Cystic extraskeletal osteosarcoma: Three case reports and review of the literature
Affiliations: Department of Orthopedic Surgery, Graduate School of Medical Sciences, Kanazawa, Ishikawa 920‑8641, Japan
- Published online on: March 9, 2020 https://doi.org/10.3892/mco.2020.2015
- Pages: 468-474
This article is mentioned in:
Extraskeletal osteosarcoma is a rare sarcoma of the non-skeletal tissue that produces neoplastic osteoid or bone (1). The tumor typically appears as a solid mass with variable mineralization and seldom has a cystic lesion.

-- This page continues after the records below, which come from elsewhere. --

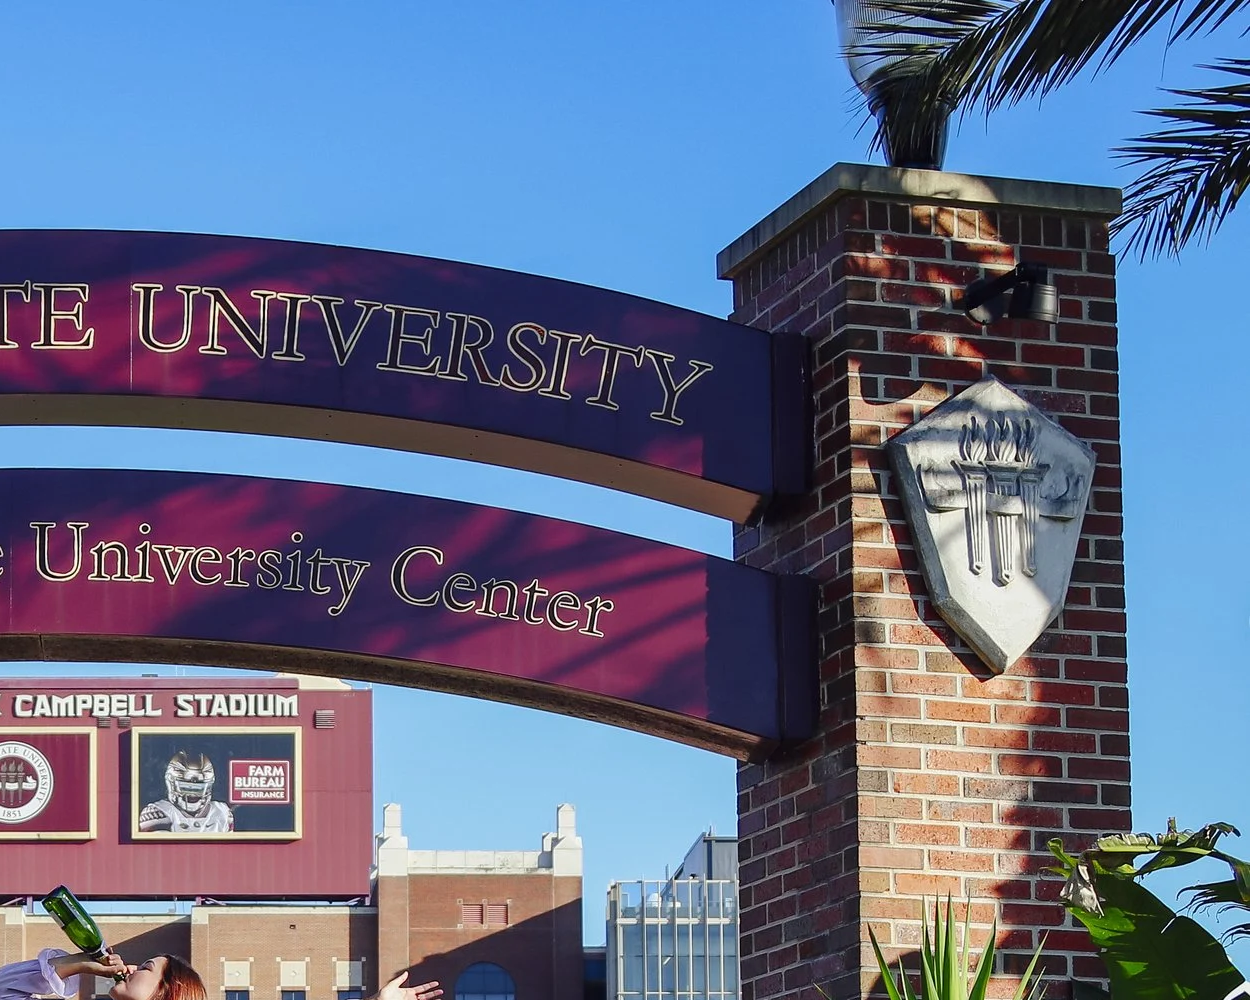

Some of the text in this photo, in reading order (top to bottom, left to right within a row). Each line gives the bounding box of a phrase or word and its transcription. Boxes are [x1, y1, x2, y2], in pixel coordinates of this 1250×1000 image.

[132, 282, 714, 427] UNIVERSITY
[29, 521, 371, 616] University
[390, 545, 616, 639] Center
[14, 693, 163, 719] CAMPBELL
[176, 693, 300, 718] STADIUM
[22, 749, 49, 804] UNIVERSITY
[249, 765, 284, 776] FARM
[235, 777, 284, 787] BUREAU
[241, 791, 284, 799] INSURANCE
[2, 810, 22, 818] 1851

Roller et al, reported the features of 19 patients with extraskeletal osteosarcoma radiographically and pathologically (2). In their report, mineralization on computed tomogram (CT) was seen in only 26% (5 of 19) of cases, and central necrosis on magnetic resonance imaging (MRI) was observed in 47% (9 of 16) of cases. They confirmed osteoid formation in the histology of all specimen. However, they did not mention whether or not central necrosis was observed pathologically in the excised specimen of the tumors.
Extraskeletal osteosarcoma is classified into six subtypes, just like intraosseous osteosarcoma, in the 2013 WHO classification (1). Osteosarcoma with a cystic lesion can be classified as the telangiectatic-type, although this type typically manifests as tumors predominantly composed of cystic spaces filled with blood (3). Telangiectatic-type intraosseous osteosarcoma is occasionally seen, and telangiectatic-type extraskeletal osteosarcoma that meets the strict diagnostic criteria is rarely reported (4-6). However, no previous reports have described the gross and pathological characteristics of extraskeletal osteosarcoma with non-hemorrhagic cystic change.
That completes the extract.